Could the listing below be reproduced exactly, minus its pictures?

*Records to use*:
***

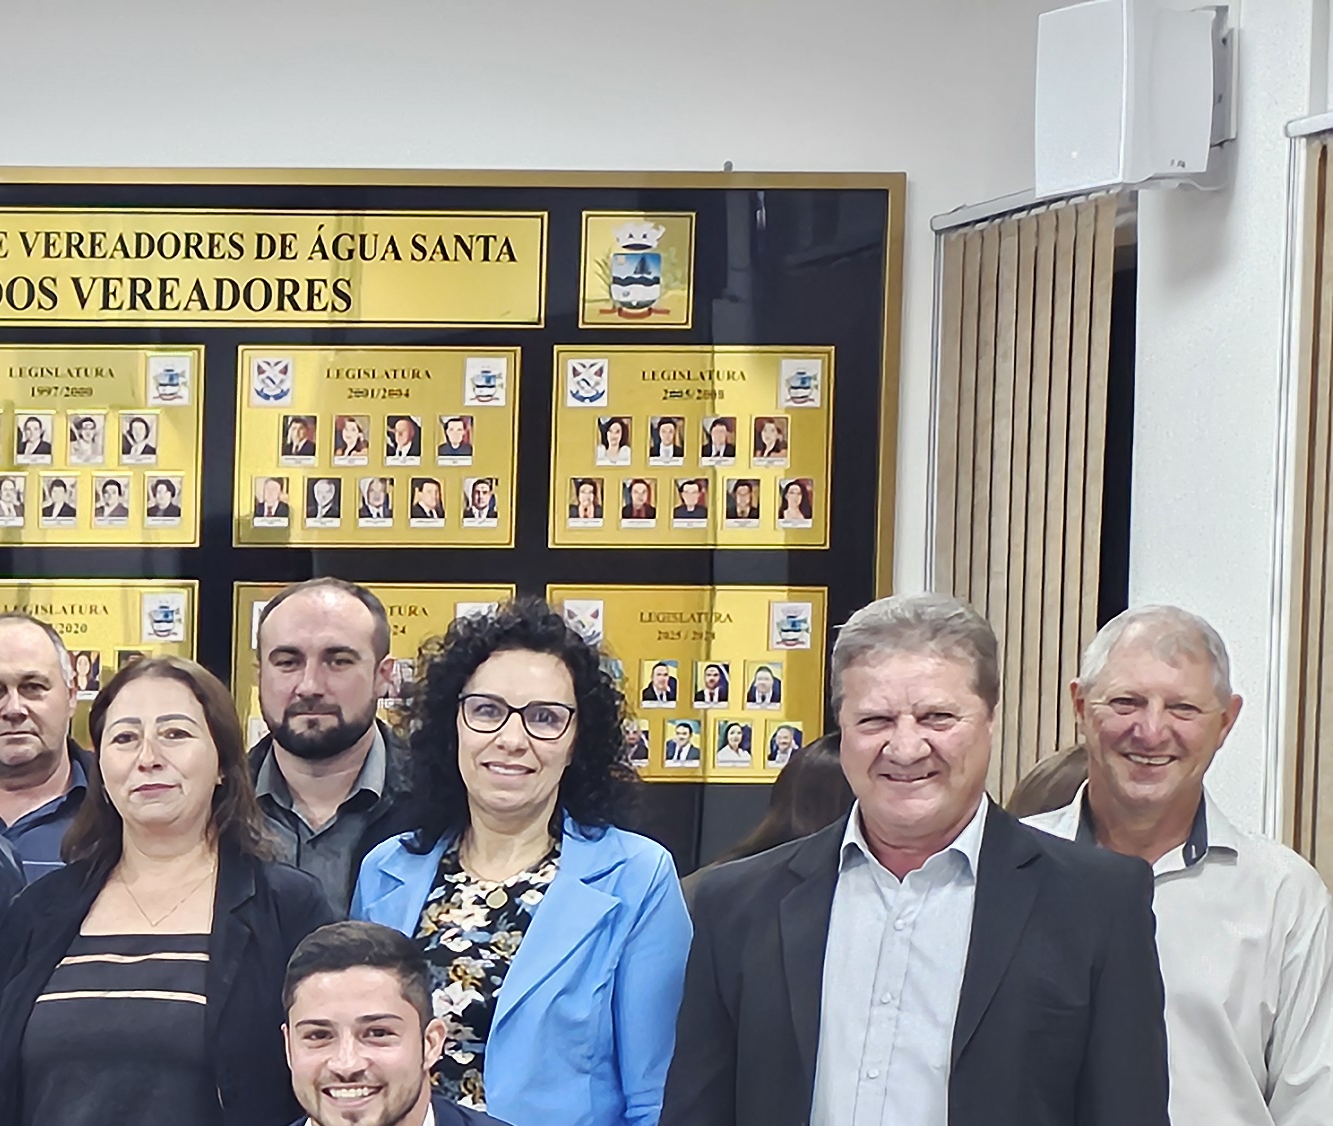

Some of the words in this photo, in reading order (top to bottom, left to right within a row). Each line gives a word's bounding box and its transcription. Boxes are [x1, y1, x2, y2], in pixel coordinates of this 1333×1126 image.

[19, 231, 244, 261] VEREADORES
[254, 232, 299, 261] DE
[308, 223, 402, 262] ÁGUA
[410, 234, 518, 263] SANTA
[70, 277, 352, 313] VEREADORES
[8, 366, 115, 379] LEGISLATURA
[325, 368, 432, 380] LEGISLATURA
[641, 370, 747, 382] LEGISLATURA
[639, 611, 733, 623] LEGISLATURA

***

*Solution for this problem*:
Some of the words in this photo, in reading order (top to bottom, left to right within a row). Each line gives a word's bounding box and its transcription. Boxes are [x1, y1, x2, y2], in pixel coordinates of this 1333×1126 image.

[19, 231, 244, 261] VEREADORES
[254, 232, 299, 261] DE
[308, 223, 402, 262] ÁGUA
[410, 234, 518, 263] SANTA
[70, 277, 352, 313] VEREADORES
[8, 366, 115, 379] LEGISLATURA
[325, 368, 432, 380] LEGISLATURA
[641, 370, 747, 382] LEGISLATURA
[639, 611, 733, 623] LEGISLATURA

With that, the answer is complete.